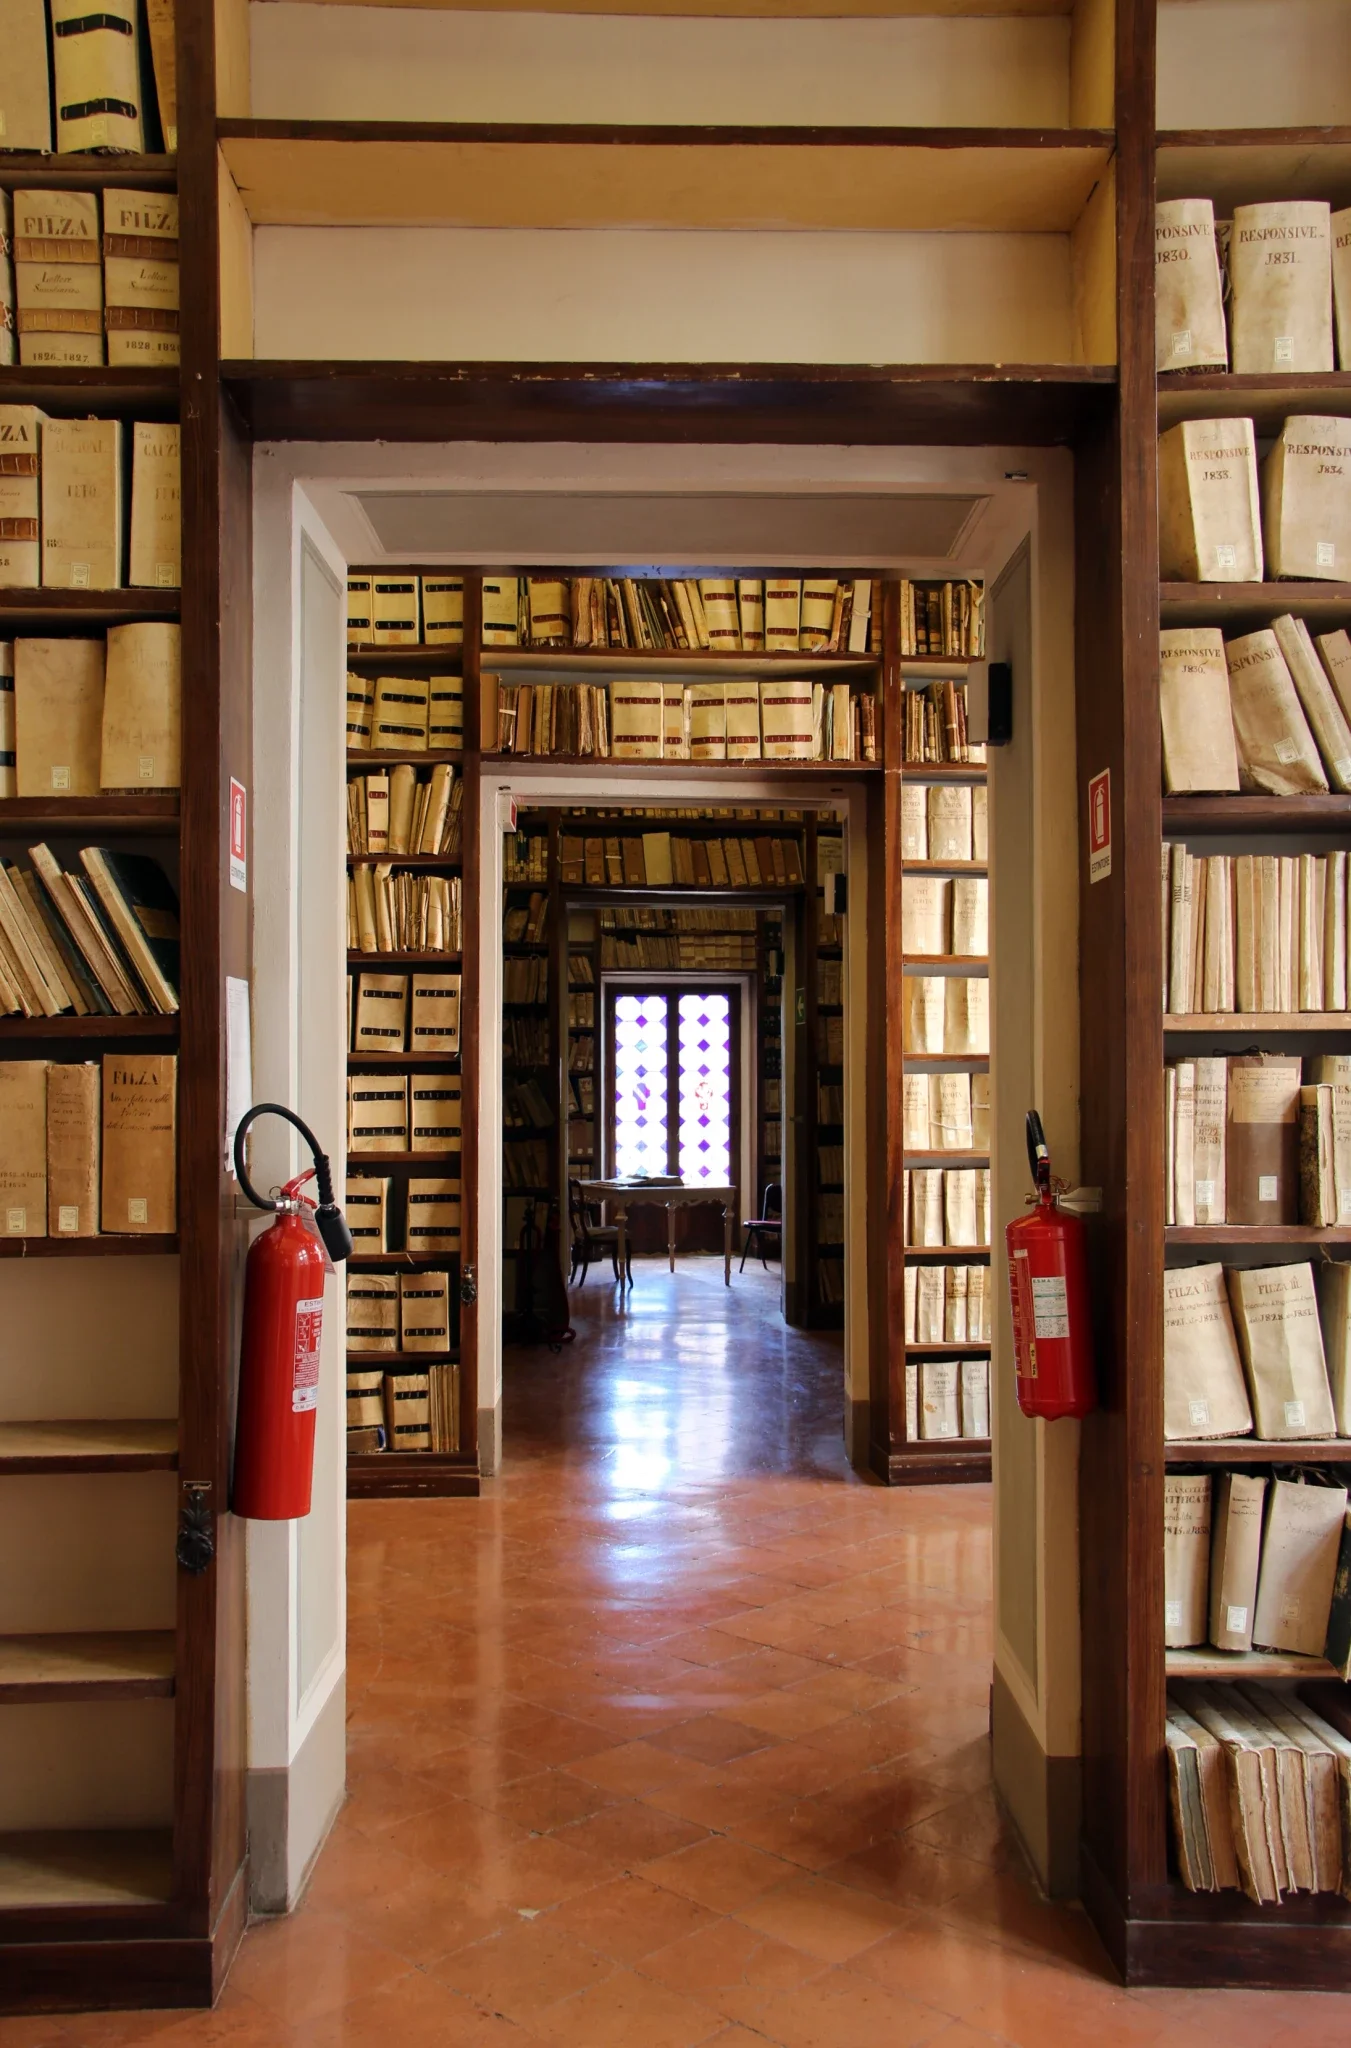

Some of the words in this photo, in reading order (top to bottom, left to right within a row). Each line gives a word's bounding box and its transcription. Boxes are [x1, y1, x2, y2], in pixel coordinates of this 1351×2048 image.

[23, 216, 89, 236] FILZA
[1160, 648, 1221, 659] RESPONSIVE
[1091, 855, 1110, 874] ESTINTORE
[113, 1071, 159, 1085] FILZA
[1168, 1285, 1200, 1299] FILZA
[1258, 1283, 1288, 1295] FILZA

────────

# [TASK TO CARRY OUT]
When you reproduce the entries above, keep every word exactly and leave out each picture.

# [OUTPUT BELOW]
Some of the words in this photo, in reading order (top to bottom, left to right within a row). Each line gives a word's bounding box and its transcription. Boxes are [x1, y1, x2, y2], in pixel coordinates of this 1351×2048 image.

[23, 216, 89, 236] FILZA
[1160, 648, 1221, 659] RESPONSIVE
[1091, 855, 1110, 874] ESTINTORE
[113, 1071, 159, 1085] FILZA
[1168, 1285, 1200, 1299] FILZA
[1258, 1283, 1288, 1295] FILZA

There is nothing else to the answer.